It’s been a while, hasn’t it?
Life after my grandpa’s passing has not been slow. In a way I’m glad it hasn’t been. I know myself and if I were having a slow day at the office or a lazy day at home, I’d be ruminating in my feelings and nothing productive would get done. Grandpa was a doer, and his voice in my head would be asking me why I’m not making money or cleaning up the wad of cat hair Marina scratched off herself and left in the living room.
So in the past week and a half it’s been back to work, taking note of the developments there that should affect my future for the better, and keeping my head down. There’s also been a day off for my yearly optometrist visit and getting my dental cleaning. I’m pleased to report my eyes are doing great and surprisingly enough, I didn’t have any cavities. I have been living on more coffee than normal over the last month, and hot cocoa is my winter staple. While delicious, neither one of those are good for avoiding yellow stains on teeth.
I finally have my Christmas tree and decorations down. I never realized how much stuff I actually own until I had to look for the storage containers, then play Jenga to get those all stacked just right in the storage closet. Marina was fascinated by all this.
Yesterday I got my roots touched up. I know it’s normal for blonde hair to darken in the winter, but frankly – normal is overrated as hell. In 30 years I can prioritize looking normal or natural, but at age 30, I’m still a vibrant bombshell and I’m going to look the part.
So slowly but surely, a part of my life is moving forward. I don’t want to say I’m moving on because I don’t think that’s ever really possible. I’m moving forward, trying to find joy and pinpoint meaning in each day, and carrying Grandpa’s voice and spirit within me. His voice was really talking to me yesterday.
One of my favorite spots in Columbus is the Columbus Museum of Art. I couldn’t remember the last time I’d been to the CMA. I want to say it was right before the pandemic shut the world down. The museum is free on Sunday, so during cold weather season I used to go on day dates there and take in the art.
I was vaguely aware of a Van Gogh exhibit at the museum and told myself I’d go there sometime this month, since the exhibit is ending on Feb. 6th. Yesterday evening into the early morning hours we were supposed to have snow roll in, so if I was going to the museum it pretty much had to be Sunday afternoon after my hair appointment.
I just happened to make it to the CMA in perfect time, getting into the last tour group of the day.
“Through Vincent’s Eyes: Van Gogh and His Sources” was more than I could have imagined. I’m addition to 17 pieces of Van Gogh’s work, the exhibit included the art of his sources, such as Camille Pissarro, Edouard Manet and Ary Scheffer.
I’m a sucker for flowers, and fell in love with “Roses” by Van Gogh. The light, delicate swirls of green remind me of peridot, which happens to be both my mom and Grandpa’s birthstone. I thought of him when I saw the painting and felt he was present with me in the gallery.
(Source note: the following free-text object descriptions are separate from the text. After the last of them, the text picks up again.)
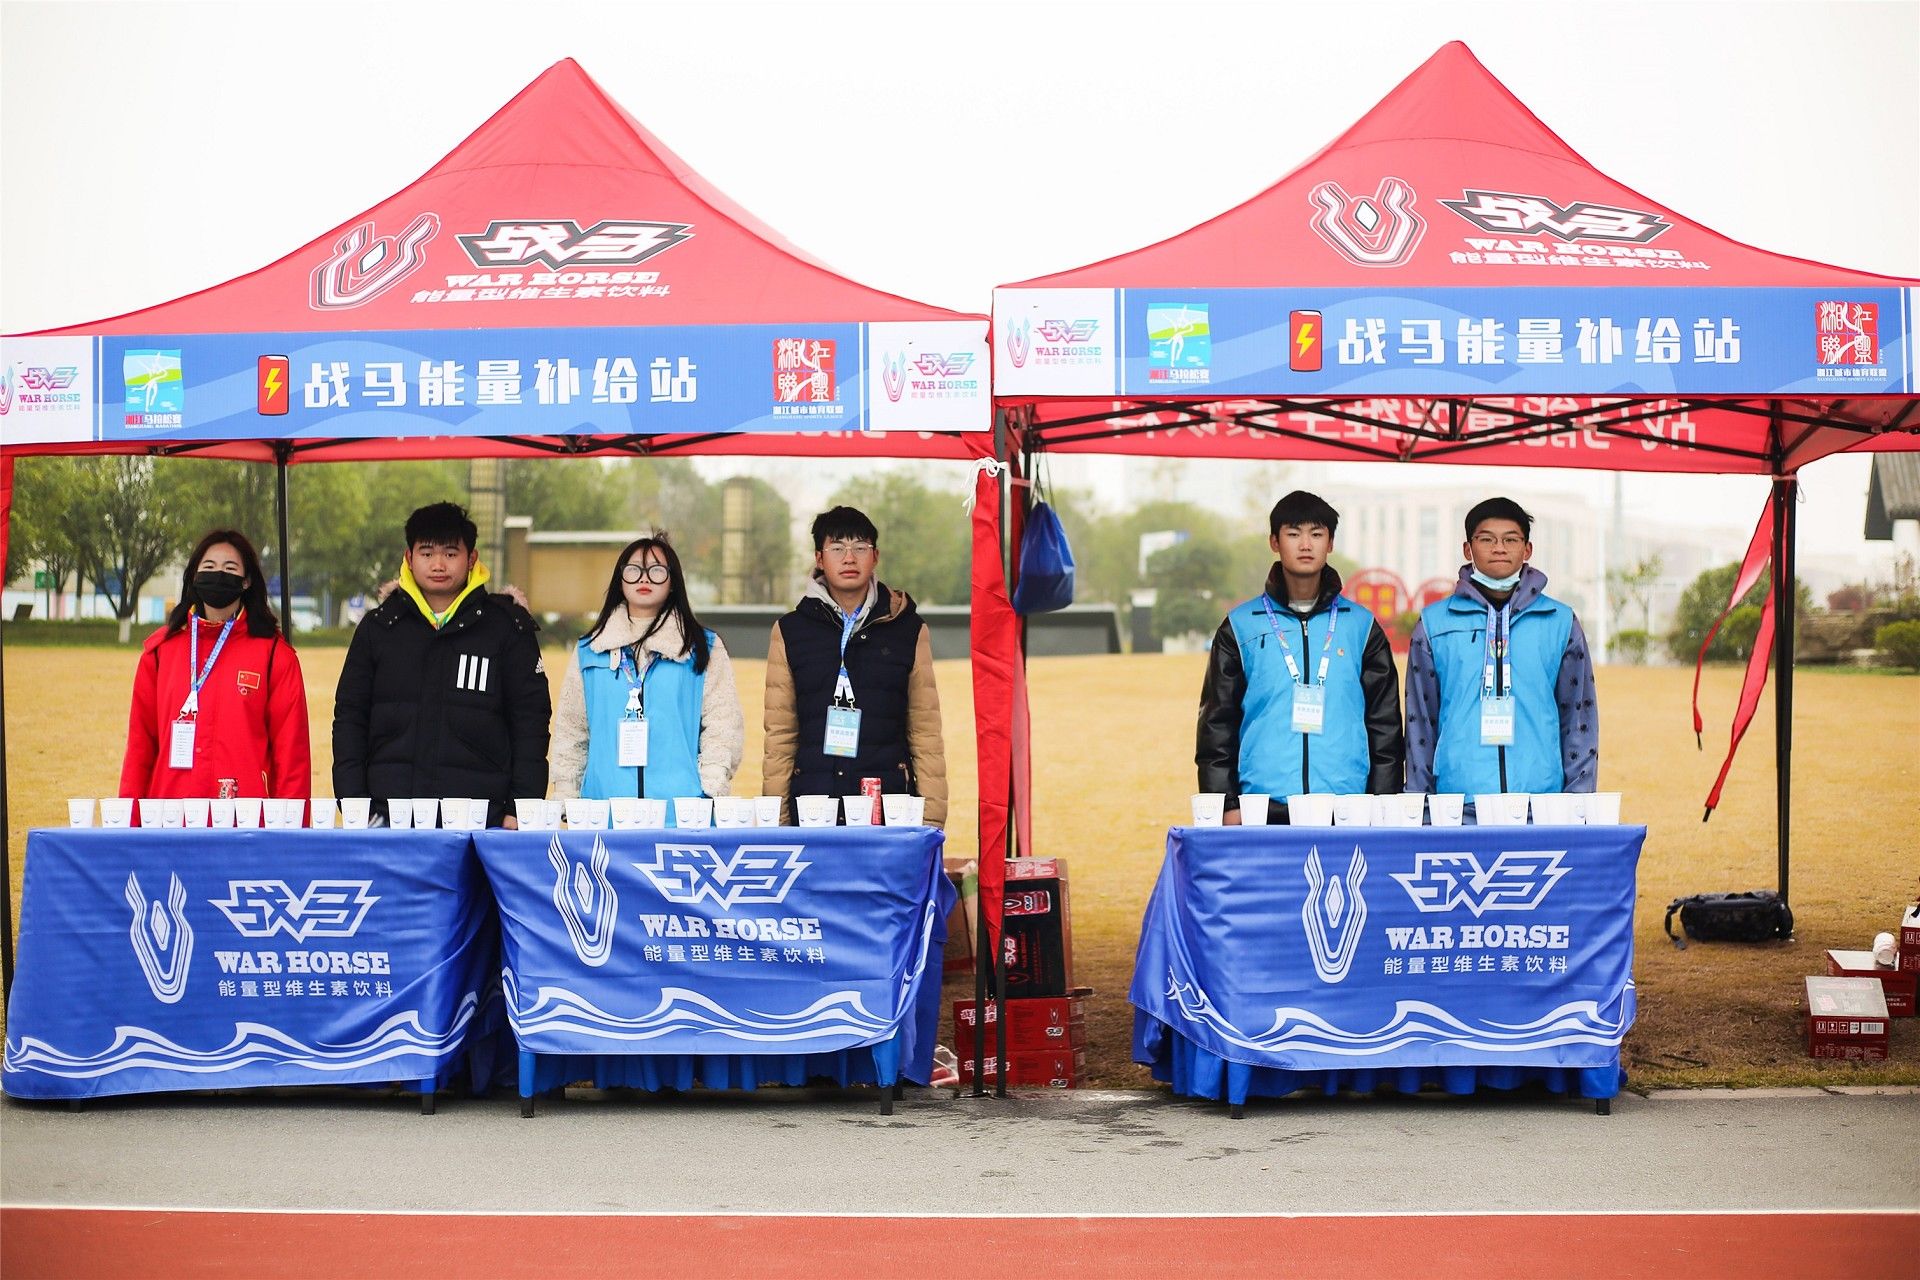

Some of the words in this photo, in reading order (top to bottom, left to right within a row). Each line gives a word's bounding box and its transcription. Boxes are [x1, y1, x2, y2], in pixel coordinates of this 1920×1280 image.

[1464, 238, 1550, 255] WAR
[1552, 242, 1685, 259] HORSE
[1449, 251, 1711, 271] 能量型维生素饮料
[444, 273, 524, 288] WAR
[528, 272, 661, 286] HORSE
[410, 285, 671, 303] 能量型维生素饮料
[1035, 347, 1060, 356] WAR
[1062, 347, 1102, 356] HORSE
[1337, 317, 1742, 365] 战马能量补给站
[304, 356, 698, 408] 战马能量补给站
[911, 381, 936, 390] WAR
[938, 380, 978, 389] HORSE
[19, 394, 42, 403] WAR
[44, 393, 80, 402] HORSE
[632, 843, 813, 911] 战马
[1388, 850, 1574, 919] 战马
[207, 879, 382, 944] 战马
[639, 914, 710, 939] WAR
[712, 917, 823, 941] HORSE
[1385, 926, 1455, 950] WAR
[1458, 925, 1570, 949] HORSE
[214, 951, 282, 975] WAR
[286, 951, 391, 975] HORSE
[644, 944, 826, 965] 能量型维生素饮料
[1383, 955, 1568, 976] 能量型维生素饮料
[217, 980, 393, 998] 能量型维生素饮料
“Poppies” reminded me of the days ahead – sunny, vibrant, fun again. I sent that picture to Mom and she loved it.
Actually, there wasn’t a piece there that I didn’t love. Van Gogh’s paintings remind me of the area I grew up in – rural, just outside of a small town, with a field that backs up to my folks’ place. Off in the distance of the field is a small patch of woods. On clear nights you can hear coyotes out there, and during the daylight you’ll occasionally see a Cooper’s hawk fly overhead. My folks sometimes go out in the field with their little dog Buddy, although they can never wander too far. Buddy’s legs are pretty short and he never really stopped being the baby, so his adventures never go too far away from the house.
Walking through the gallery and seeing the rustic landscapes made me nostalgic. I thought about my family, both my parents and my grandparents. Grandpa planted numerous trees on their property and created The Weedy Patch. Walking through the Patch or even the side yard wasn’t too far off from the woods Van Gogh painted.

Overall, “Through Vincent’s Eyes” was extraordinary. I didn’t plan on writing a true “review” per se, but if I could give you all a quick recommendation: 10/10, five stars and two thumbs very up.
It was magical, it was moving and it transported me to a place in my own mind I didn’t think I would go. It transported someplace warm, comforting and heartwarming. Beauty is a fine thing, but when you feel art in your soul, that’s a completely different, wonderful experience.
So to my Columbus locals – do whatever you need to do to see “Through Vincent’s Eyes.” The exhibit’s last weekend is Feb. 4th – 6th. I’ve included the museum’s website here so you can find more visitors information.
To everyone else – I appreciate you all waiting for me to come back. I hope you all have a great week ahead and experience joy in whatever form in your own life.